TRY IT.
Your job is to retype the records exactly while dropping every picture.
START DATA LISTING
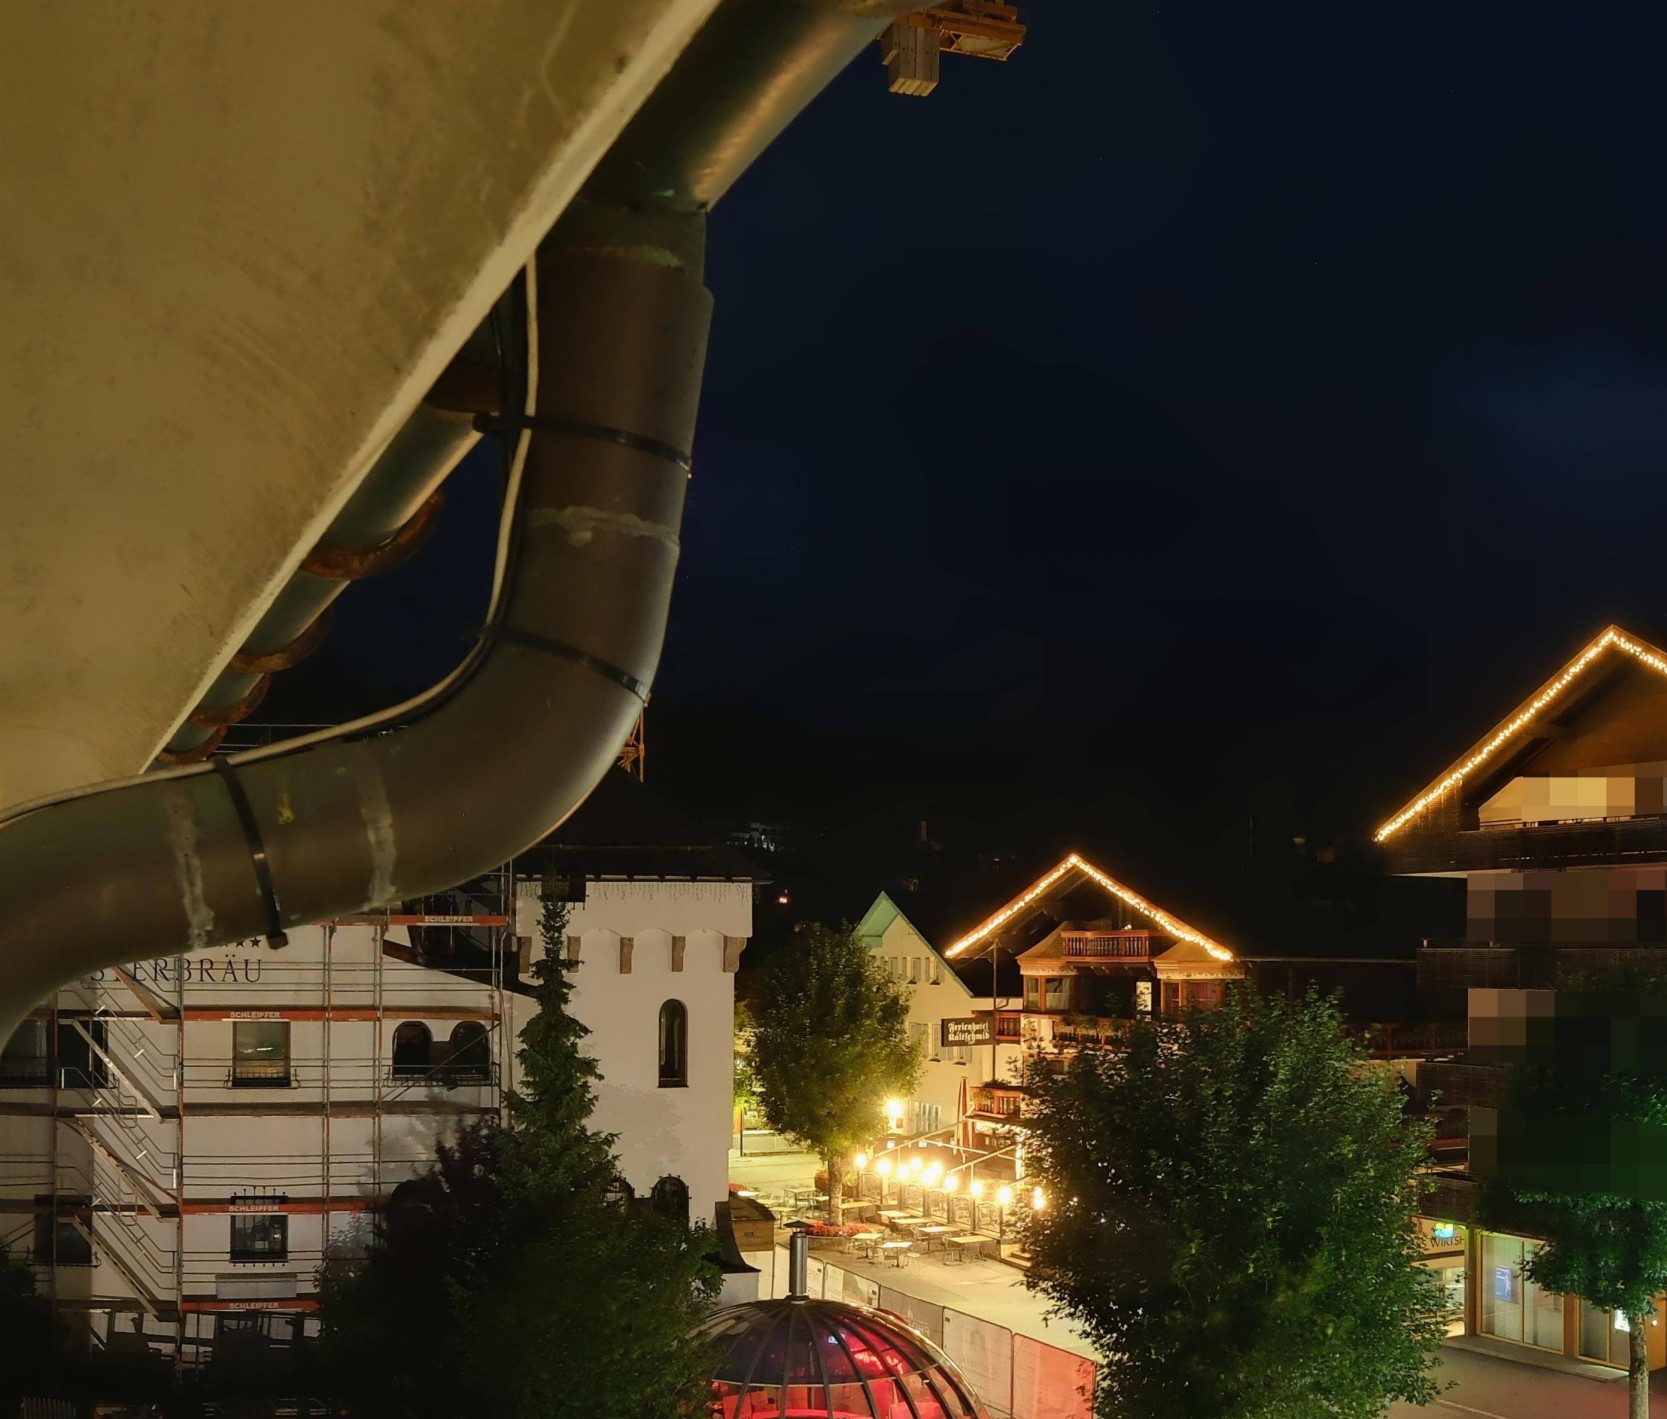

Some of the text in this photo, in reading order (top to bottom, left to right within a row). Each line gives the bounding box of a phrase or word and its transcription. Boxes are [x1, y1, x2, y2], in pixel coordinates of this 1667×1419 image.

[424, 915, 474, 923] SCHLEIPFER
[229, 1010, 281, 1019] SCHLEIPFER
[228, 1204, 280, 1213] SCHLEIPFER
[228, 1301, 280, 1310] SCHLEIPFER
END DATA LISTING
EXERCISE SOLUTION.
Some of the text in this photo, in reading order (top to bottom, left to right within a row). Each line gives the bounding box of a phrase or word and its transcription. Boxes are [x1, y1, x2, y2], in pixel coordinates of this 1667×1419 image.

[424, 915, 474, 923] SCHLEIPFER
[229, 1010, 281, 1019] SCHLEIPFER
[228, 1204, 280, 1213] SCHLEIPFER
[228, 1301, 280, 1310] SCHLEIPFER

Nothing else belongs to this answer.